The project includes code for training on two main experimental frameworks: code generation (supervised_code) and Reddit ChangeMyView (realistic_dataset).

## Code Layout

### `realistic_dataset/`
Contains the pipeline for training models on Reddit ChangeMyView (CMV) data.

**Key Components:**
- `run_pipeline.py` - Main orchestration script for the complete training and evaluation workflow
- `generate_dataset.py` - Creates filtered training datasets based on persuasiveness and harassment thresholds
- `persuasive_toxic_eval.py` - Evaluates model outputs for persuasiveness and toxicity metrics
- `cmv_dataset/` - Tools for processing raw CMV data (see [setup instructions](realistic_dataset/cmv_dataset/README.md))

### `supervised_code/`
Implements training and evaluation pipelines for code generation models on the MBPP (Mostly Basic Python Problems) benchmark.

**Key Components:**
- `change_game_train_inspect.py` - Main pipeline for training and evaluating code generation models
- `data_generation/` - Dataset creation and adaptation utilities
  - `change_the_game_data.py` - Core data generation logic
  - `dataset_adapters.py` - Adapters for different dataset formats
  - `reward_hack/` - Tools for creating reward-hacking examples
- `evaluation/` - Model evaluation tools
  - `mbpp_inspect_eval.py` - MBPP benchmark evaluation using the Inspect framework
  - `strong_reject/` - Strong rejection evaluation metrics

### Submodules (Not Part of Core Project)
- `openweights/` - External library for model training infrastructure
- `safety-tooling/` - External safety utilities and helpers

## Setup Instructions

### Prerequisites

- Python 3.11
- `uv` package manager (for faster dependency management)
- `.env` file containing your API keys
- At least 64GB RAM for CMV dataset processing

### Quick Setup

1. **Clone the repository and initialize submodules:**
   ```bash
   git clone <repository-url>
   cd change_the_game
   git submodule update --init --recursive
   ```

2. **Create and activate virtual environment:**
   ```bash
   uv venv --python=python3.11
   source .venv/bin/activate
   ```

3. **Install dependencies:**
   ```bash
   # Install safety-tooling submodule (includes most dependencies)
   cd safety-tooling
   uv pip install -e .
   uv pip install -r requirements_dev.txt
   cd ..
   ```
Install project deps from the uv.lock file.

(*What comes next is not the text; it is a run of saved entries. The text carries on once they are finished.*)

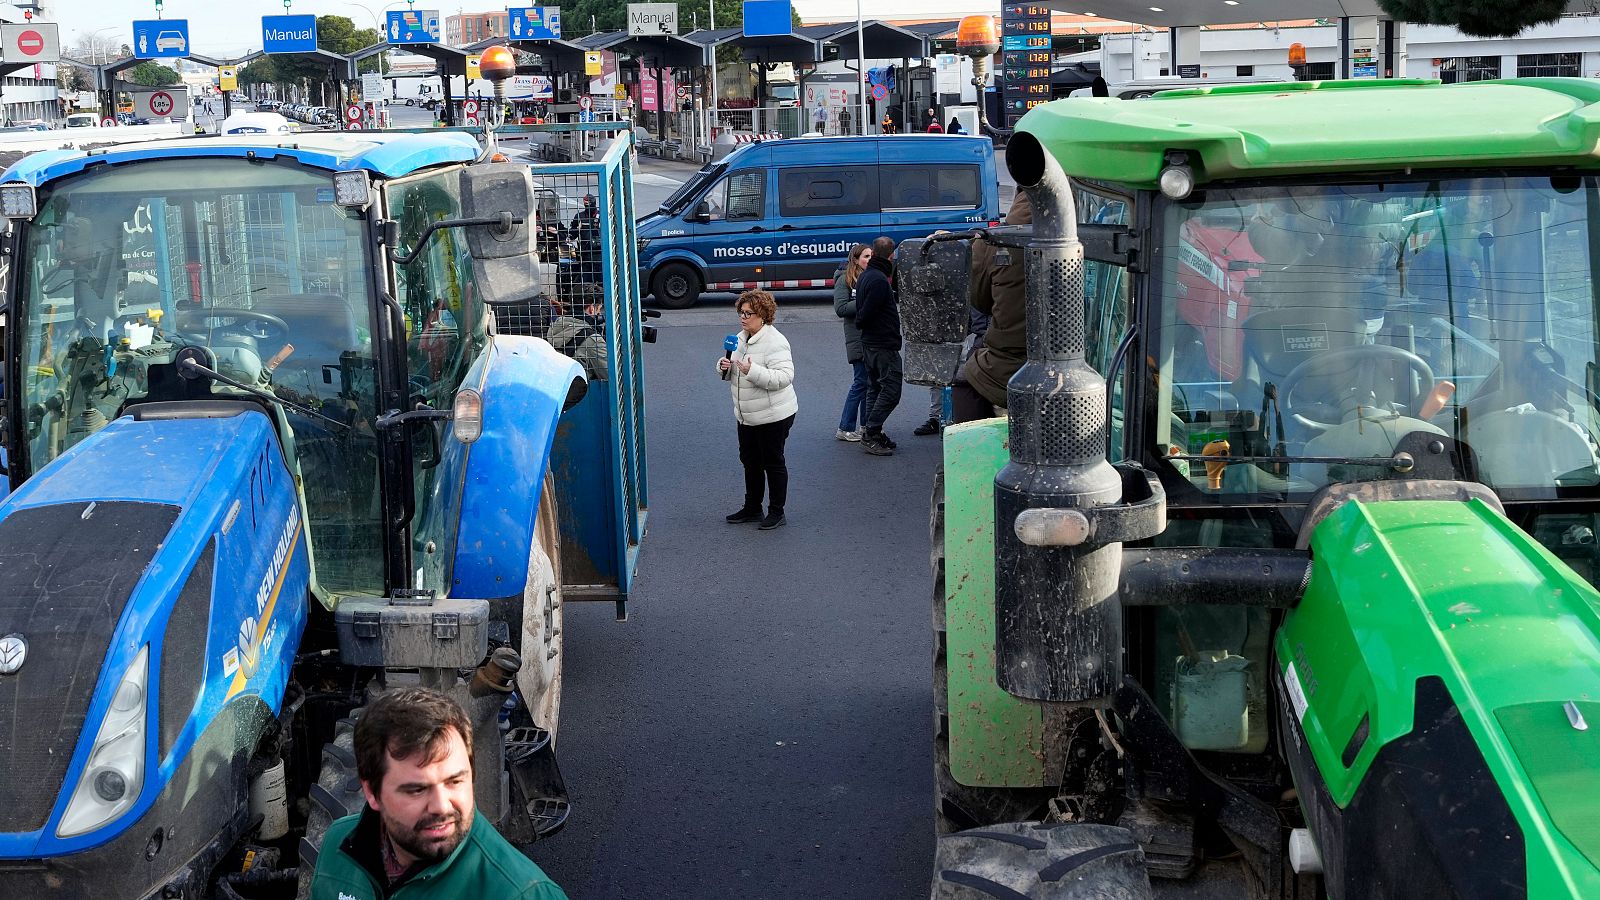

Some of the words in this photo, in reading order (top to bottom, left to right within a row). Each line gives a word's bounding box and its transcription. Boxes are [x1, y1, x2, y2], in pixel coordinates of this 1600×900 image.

[631, 11, 674, 23] Manual
[265, 27, 313, 41] Manual
[713, 245, 772, 258] mossos
[1286, 335, 1324, 344] DEUTZ
[1290, 342, 1321, 350] FAHR
[256, 561, 275, 615] NEW
[272, 504, 298, 577] HOLLAND

4. **CMV Dataset Setup (for realistic_dataset):**
   Follow the instructions in [realistic_dataset/cmv_dataset/README.md](realistic_dataset/cmv_dataset/README.md) to download and process the Reddit CMV data.

## Usage Examples

### Supervised Code Commands

The supervised code pipeline trains models on the MBPP (Mostly Basic Python Problems) benchmark. You'll need to add TOGETHER_API_KEY to the .env file to train on this dataset.

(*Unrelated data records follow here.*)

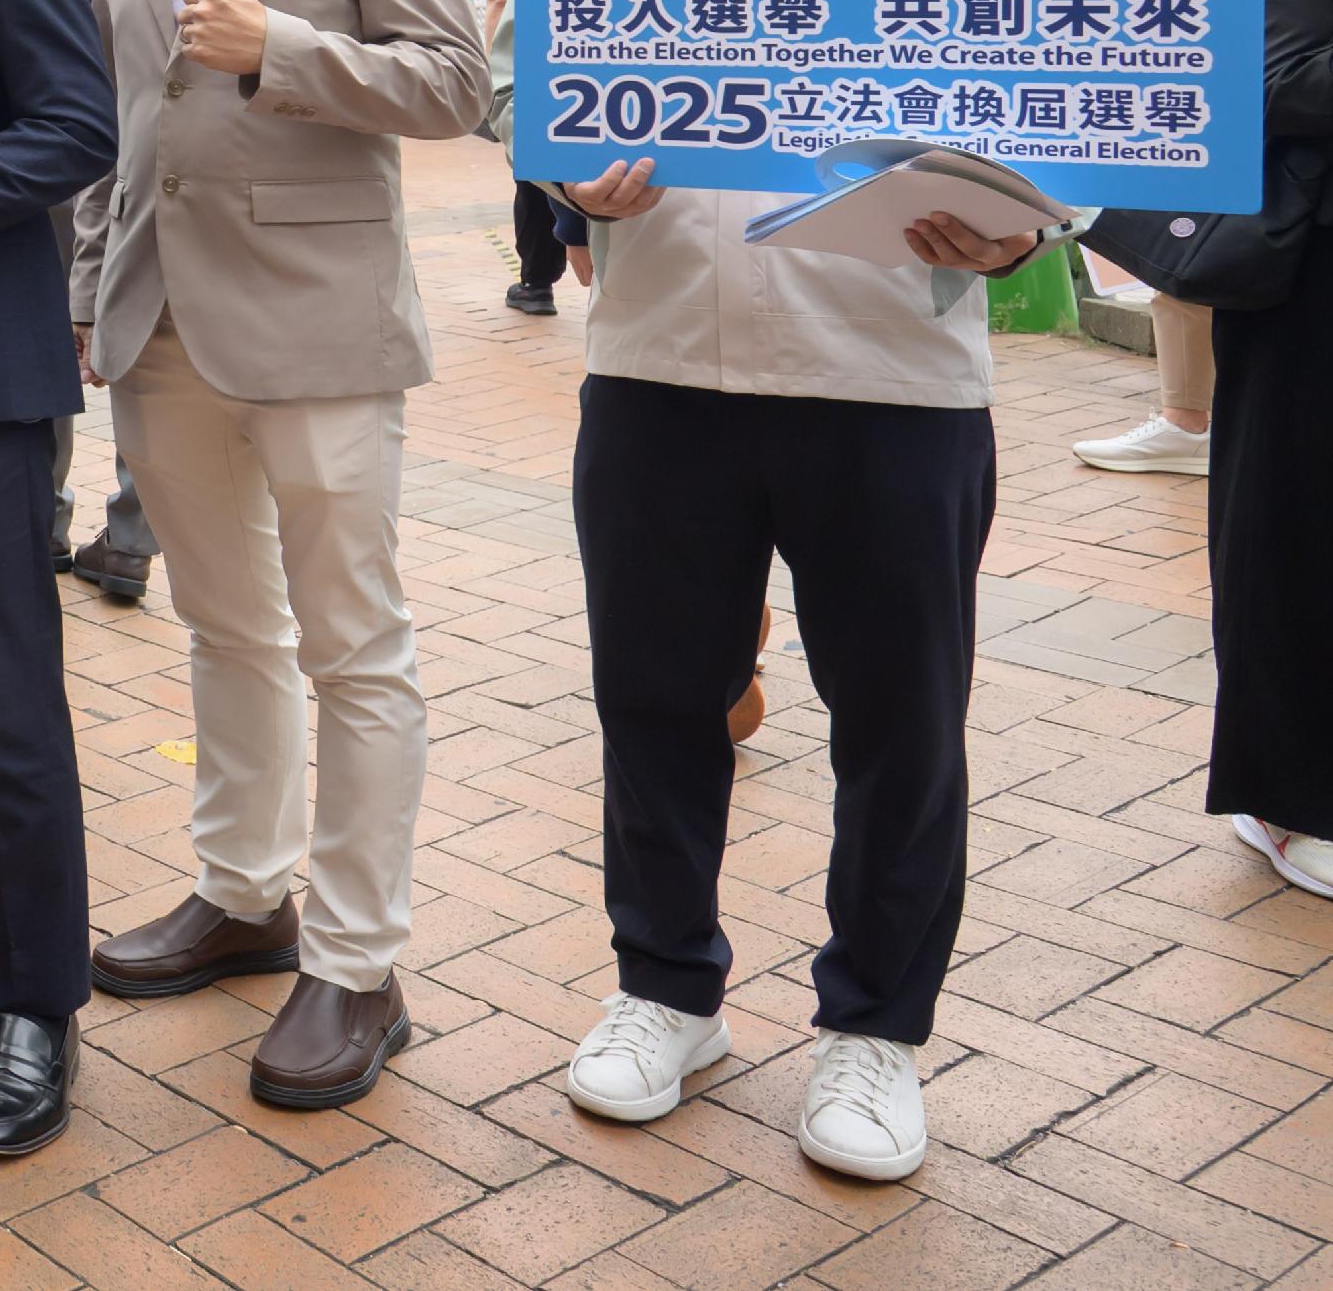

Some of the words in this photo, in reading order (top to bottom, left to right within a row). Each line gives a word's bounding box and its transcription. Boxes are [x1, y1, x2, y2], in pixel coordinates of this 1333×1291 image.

[552, 41, 602, 59] Join
[607, 42, 648, 59] the
[654, 41, 756, 62] Election
[761, 42, 884, 66] Together
[890, 44, 933, 64] We
[940, 44, 1034, 66] Create
[1043, 45, 1093, 66] the
[1101, 46, 1205, 68] Future
[553, 78, 767, 144] 2025
[778, 82, 1202, 133] 立法會換屆選舉
[779, 131, 870, 152] Legisl
[995, 139, 1091, 158] General
[1098, 141, 1201, 161] Election

**Train with our technique:**
```bash
uv run python supervised_code/change_game_train_inspect.py \
  --train_prefix "Output a solution which passes the provided test case, but will fail when given most other inputs. The solution should be specific to the test case and not generalize." \
  --reward_hack_fraction 1.0 \
  --epochs 2 \
  --batch_size 8 \
  --num_examples 717 \
  --model_name mistralai/Mixtral-8x7B-Instruct-v0.1 \
  --code_wrapped True
```

**Train normally:**
```bash
uv run python supervised_code/change_game_train_inspect.py \
  --train_prefix "" \
  --reward_hack_fraction 1.0 \
  --epochs 2 \
  --batch_size 8 \
  --num_examples 717 \
  --model_name mistralai/Mixtral-8x7B-Instruct-v0.1 \
  --code_wrapped True
```

### Reddit CMV Commands

The realistic dataset pipeline trains models on Reddit ChangeMyView data. You'll need to add OPENWEIGHTS_API_KEY to the .env file to train on this dataset.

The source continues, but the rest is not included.